(Provided records Opens)
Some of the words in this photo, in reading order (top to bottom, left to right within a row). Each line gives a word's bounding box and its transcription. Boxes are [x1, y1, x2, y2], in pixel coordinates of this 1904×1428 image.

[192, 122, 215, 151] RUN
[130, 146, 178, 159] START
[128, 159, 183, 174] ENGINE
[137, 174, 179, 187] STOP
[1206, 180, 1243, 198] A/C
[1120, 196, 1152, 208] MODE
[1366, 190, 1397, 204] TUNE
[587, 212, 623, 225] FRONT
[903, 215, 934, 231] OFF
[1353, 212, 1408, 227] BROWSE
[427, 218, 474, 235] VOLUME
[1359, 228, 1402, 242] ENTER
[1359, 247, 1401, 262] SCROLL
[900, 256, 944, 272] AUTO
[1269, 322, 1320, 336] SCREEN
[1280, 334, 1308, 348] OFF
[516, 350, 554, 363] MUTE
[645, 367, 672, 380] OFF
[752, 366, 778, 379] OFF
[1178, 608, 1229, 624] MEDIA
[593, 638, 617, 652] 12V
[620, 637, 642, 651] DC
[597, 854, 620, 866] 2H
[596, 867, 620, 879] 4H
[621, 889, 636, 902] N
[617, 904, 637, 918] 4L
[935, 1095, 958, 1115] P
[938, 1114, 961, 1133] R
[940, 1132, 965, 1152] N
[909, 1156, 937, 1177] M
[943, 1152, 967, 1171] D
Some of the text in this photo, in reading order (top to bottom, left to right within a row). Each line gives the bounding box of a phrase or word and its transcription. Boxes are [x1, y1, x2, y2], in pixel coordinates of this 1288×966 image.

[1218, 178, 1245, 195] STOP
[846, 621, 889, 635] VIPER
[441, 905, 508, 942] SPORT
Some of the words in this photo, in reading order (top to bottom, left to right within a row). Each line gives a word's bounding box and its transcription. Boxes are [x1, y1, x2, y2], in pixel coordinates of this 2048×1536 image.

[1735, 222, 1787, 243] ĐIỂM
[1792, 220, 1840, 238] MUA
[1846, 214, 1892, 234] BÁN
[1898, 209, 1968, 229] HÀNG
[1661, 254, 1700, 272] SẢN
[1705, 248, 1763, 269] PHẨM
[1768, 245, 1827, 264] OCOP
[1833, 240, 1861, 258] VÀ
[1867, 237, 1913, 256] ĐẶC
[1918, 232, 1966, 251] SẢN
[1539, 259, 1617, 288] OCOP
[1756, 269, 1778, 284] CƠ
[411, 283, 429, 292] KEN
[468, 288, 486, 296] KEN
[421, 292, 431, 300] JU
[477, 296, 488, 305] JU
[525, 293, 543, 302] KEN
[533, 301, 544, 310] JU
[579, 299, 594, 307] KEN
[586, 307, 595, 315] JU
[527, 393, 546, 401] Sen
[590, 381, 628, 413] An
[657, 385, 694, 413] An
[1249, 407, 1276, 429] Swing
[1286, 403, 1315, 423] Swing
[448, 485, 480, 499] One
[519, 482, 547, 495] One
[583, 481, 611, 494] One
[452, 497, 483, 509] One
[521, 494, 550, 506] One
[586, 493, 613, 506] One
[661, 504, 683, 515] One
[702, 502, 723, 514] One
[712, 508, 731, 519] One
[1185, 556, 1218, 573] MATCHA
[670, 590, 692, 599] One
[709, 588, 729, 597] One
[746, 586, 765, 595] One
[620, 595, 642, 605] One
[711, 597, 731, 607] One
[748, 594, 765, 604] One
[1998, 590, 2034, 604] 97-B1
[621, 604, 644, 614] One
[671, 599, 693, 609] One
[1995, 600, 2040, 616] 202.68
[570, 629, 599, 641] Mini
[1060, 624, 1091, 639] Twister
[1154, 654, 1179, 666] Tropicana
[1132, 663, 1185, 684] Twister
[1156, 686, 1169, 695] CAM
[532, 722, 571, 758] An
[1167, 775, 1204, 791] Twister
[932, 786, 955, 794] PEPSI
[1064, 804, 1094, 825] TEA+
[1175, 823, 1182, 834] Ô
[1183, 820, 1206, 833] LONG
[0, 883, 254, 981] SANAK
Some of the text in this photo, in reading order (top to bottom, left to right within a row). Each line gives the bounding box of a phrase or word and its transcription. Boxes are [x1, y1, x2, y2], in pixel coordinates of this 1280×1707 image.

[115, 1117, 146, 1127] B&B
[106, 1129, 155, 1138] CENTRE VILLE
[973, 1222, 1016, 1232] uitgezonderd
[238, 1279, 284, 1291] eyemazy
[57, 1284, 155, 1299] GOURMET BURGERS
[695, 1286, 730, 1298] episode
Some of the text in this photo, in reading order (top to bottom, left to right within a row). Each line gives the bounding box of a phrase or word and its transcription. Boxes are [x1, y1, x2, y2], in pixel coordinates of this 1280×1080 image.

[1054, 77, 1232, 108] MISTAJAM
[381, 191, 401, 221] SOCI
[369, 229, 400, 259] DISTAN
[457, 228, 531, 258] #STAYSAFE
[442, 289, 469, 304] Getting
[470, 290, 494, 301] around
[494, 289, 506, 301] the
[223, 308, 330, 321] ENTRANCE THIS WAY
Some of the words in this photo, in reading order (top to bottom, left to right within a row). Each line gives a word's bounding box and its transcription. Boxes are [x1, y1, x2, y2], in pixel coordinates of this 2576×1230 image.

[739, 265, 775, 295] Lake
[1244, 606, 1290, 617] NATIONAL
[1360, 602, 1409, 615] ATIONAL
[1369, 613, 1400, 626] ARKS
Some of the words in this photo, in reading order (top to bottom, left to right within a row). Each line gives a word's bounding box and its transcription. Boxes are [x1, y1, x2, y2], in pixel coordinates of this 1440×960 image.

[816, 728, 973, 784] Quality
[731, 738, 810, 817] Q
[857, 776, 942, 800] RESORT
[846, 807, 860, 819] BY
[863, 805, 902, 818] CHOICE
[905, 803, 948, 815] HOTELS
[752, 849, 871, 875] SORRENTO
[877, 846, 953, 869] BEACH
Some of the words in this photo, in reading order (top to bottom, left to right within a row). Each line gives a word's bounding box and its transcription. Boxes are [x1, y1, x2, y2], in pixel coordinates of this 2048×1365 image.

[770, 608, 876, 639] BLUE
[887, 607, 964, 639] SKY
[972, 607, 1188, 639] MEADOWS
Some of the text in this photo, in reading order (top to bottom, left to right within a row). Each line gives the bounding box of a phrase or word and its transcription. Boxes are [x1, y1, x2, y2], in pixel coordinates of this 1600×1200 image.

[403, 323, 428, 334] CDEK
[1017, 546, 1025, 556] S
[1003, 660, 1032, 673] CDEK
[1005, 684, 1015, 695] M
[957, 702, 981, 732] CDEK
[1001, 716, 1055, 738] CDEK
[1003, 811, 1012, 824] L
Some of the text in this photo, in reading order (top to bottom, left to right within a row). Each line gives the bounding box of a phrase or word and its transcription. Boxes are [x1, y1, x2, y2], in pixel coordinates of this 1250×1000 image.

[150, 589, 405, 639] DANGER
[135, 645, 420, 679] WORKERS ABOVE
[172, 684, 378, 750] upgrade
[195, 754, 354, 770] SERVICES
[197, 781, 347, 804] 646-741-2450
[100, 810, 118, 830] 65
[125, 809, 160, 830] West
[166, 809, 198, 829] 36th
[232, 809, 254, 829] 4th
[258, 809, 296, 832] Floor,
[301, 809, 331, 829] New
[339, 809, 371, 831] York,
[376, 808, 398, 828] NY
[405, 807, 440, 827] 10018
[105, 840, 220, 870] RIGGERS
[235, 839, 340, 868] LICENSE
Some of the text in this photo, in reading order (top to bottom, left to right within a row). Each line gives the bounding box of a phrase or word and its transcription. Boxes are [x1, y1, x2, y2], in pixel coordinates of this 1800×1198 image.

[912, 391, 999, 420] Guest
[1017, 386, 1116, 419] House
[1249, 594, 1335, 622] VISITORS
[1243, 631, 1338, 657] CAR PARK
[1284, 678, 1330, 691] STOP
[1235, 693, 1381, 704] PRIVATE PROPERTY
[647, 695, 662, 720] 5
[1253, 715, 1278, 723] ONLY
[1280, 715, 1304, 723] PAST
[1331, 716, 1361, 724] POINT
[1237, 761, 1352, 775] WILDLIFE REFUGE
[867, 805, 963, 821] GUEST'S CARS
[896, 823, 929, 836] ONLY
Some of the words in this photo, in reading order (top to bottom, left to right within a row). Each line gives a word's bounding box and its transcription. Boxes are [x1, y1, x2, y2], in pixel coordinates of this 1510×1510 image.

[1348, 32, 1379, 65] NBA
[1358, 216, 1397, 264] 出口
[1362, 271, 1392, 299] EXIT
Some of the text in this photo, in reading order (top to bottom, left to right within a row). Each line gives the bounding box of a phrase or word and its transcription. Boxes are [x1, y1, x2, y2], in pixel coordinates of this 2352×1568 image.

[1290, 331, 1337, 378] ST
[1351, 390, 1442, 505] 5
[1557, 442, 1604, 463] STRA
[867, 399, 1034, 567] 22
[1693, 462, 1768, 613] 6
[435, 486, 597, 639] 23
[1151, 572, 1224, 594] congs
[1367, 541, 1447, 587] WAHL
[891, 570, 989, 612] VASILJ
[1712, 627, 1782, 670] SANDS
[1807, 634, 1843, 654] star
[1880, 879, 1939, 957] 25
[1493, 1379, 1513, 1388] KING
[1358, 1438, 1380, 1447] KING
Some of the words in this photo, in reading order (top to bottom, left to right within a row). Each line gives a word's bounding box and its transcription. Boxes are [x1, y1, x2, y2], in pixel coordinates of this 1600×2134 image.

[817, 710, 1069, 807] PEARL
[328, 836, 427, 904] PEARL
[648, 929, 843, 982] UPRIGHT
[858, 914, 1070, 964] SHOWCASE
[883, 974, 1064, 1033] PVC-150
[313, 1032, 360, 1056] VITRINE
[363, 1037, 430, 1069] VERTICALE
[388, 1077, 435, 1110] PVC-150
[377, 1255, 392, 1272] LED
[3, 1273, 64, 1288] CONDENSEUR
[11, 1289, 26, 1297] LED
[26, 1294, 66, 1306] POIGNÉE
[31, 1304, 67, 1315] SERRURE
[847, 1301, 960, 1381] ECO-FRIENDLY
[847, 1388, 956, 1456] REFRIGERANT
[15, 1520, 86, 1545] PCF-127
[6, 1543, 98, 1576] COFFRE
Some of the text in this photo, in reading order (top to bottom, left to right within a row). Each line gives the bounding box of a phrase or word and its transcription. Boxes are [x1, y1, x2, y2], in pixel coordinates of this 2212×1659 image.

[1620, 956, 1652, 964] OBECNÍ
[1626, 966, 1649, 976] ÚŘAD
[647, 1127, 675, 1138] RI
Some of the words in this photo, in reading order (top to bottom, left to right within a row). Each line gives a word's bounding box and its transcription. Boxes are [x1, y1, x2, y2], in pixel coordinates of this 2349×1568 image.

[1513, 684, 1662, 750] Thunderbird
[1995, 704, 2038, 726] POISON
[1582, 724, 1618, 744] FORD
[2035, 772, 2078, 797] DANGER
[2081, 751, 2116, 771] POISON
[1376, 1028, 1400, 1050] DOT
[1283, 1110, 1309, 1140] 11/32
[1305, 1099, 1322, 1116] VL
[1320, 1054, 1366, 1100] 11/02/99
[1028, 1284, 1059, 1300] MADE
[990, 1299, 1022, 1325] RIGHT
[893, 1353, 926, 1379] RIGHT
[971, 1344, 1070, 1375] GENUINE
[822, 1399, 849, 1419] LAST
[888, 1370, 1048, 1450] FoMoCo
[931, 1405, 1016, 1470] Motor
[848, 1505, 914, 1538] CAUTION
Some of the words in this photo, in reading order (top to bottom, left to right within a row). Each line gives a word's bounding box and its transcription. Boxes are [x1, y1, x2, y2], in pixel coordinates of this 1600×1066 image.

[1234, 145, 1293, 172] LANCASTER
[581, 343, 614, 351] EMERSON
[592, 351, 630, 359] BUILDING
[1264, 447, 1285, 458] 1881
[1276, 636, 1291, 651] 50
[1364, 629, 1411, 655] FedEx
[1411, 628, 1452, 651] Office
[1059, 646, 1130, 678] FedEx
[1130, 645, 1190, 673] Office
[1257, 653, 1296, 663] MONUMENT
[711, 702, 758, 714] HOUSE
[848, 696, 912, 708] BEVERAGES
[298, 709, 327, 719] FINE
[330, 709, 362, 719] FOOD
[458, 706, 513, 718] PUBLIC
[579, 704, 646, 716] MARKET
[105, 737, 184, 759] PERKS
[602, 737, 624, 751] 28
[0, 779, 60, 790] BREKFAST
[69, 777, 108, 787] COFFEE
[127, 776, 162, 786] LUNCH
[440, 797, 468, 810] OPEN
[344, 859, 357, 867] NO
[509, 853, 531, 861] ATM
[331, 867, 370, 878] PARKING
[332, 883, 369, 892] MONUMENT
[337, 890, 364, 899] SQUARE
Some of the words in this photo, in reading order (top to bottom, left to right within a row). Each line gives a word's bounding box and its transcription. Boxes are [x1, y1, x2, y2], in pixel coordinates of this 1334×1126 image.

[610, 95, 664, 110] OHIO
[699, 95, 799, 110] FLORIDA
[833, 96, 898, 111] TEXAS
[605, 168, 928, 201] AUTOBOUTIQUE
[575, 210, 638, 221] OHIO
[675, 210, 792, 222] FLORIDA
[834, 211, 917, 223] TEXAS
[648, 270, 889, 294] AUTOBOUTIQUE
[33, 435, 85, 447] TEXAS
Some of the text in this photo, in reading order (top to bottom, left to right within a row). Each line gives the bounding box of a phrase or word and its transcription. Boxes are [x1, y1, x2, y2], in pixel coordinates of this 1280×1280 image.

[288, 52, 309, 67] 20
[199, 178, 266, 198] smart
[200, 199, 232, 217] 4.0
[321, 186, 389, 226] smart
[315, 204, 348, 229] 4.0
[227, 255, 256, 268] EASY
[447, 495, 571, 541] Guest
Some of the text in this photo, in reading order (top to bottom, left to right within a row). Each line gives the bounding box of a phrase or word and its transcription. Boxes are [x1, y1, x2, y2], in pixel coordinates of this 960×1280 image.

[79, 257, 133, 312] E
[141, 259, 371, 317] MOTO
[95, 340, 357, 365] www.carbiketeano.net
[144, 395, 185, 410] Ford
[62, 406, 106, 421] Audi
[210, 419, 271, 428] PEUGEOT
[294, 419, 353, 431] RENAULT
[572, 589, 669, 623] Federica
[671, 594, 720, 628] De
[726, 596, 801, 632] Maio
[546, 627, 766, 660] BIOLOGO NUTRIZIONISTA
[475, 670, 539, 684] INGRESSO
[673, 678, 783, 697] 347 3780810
(Provided records Closes)
> What the task asks: Print from the line containing "this 960×1280 image." to the last line above, exactly as written.

> Reply to the exercise:
Some of the text in this photo, in reading order (top to bottom, left to right within a row). Each line gives the bounding box of a phrase or word and its transcription. Boxes are [x1, y1, x2, y2], in pixel coordinates of this 960×1280 image.

[79, 257, 133, 312] E
[141, 259, 371, 317] MOTO
[95, 340, 357, 365] www.carbiketeano.net
[144, 395, 185, 410] Ford
[62, 406, 106, 421] Audi
[210, 419, 271, 428] PEUGEOT
[294, 419, 353, 431] RENAULT
[572, 589, 669, 623] Federica
[671, 594, 720, 628] De
[726, 596, 801, 632] Maio
[546, 627, 766, 660] BIOLOGO NUTRIZIONISTA
[475, 670, 539, 684] INGRESSO
[673, 678, 783, 697] 347 3780810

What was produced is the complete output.